Despite contrary advertisements, no plant “thrives everywhere,” but horticulturists constantly labor to improve the germ-plasm of our crops, so it’s dismaying when I ask someone what variety they are growing and they answer “I don’t know.” Variety matters and can make the difference between an abundant crop and a lost year. It’s the difference between a vegetable that will delight you and something that looks good on a shelf but is merely edible rather than delicious. From my many failures and occasional successes, I can make some unequivocable regional recommendations.

Onions love New England conditions and are easy to start from seed started in February. “Sets” are available, but those varieties don’t store well. “Oloroso” has the size and sweetness of a Spanish, but stores well. “Millennium,” and “Copra” produce hard, dark-skinned bulbs that store six to eight months.

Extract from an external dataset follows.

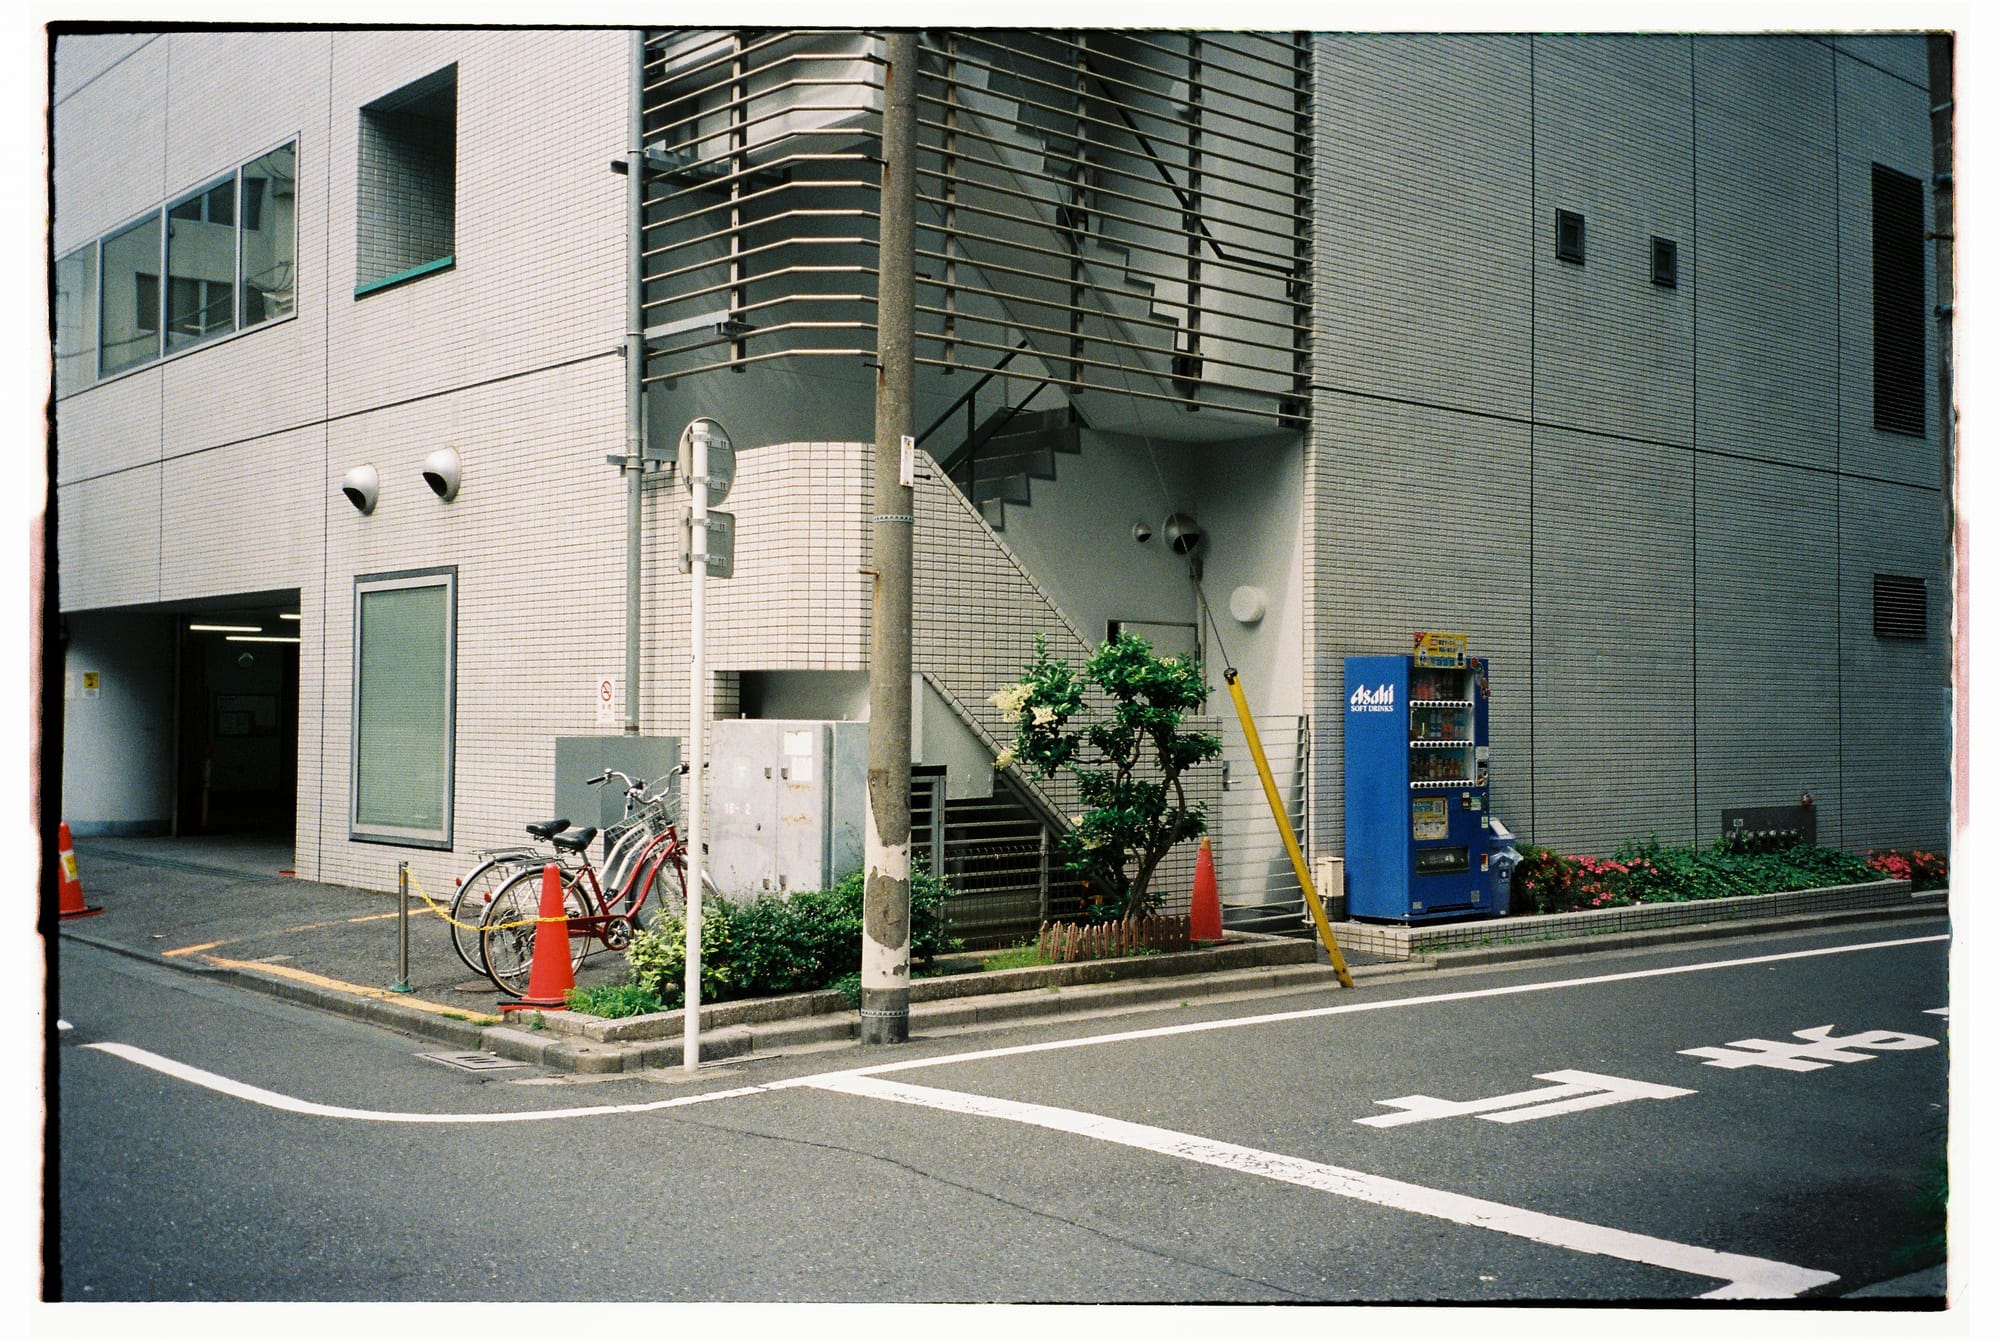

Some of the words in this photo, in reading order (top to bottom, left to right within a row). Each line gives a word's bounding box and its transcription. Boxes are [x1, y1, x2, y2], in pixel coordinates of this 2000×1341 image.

Grow “long-day” onions here.

“Lancelot” leek is maintenance-free once you get your blanching mulch down, and will produce huge, white stems well into Fall.

“Hestia” and “Gustia” Brussels sprouts produce huge quantities of tight, hard sprouts over months until the ground freezes.

“Lutz” beet is an enormous beet that stays sweet and doesn’t get woody. “Merlin” is a smaller, but dependable variety.

It’s impossible to say anything bad about “Honeynut” squash, a sweet, productive butternut of a reasonable size.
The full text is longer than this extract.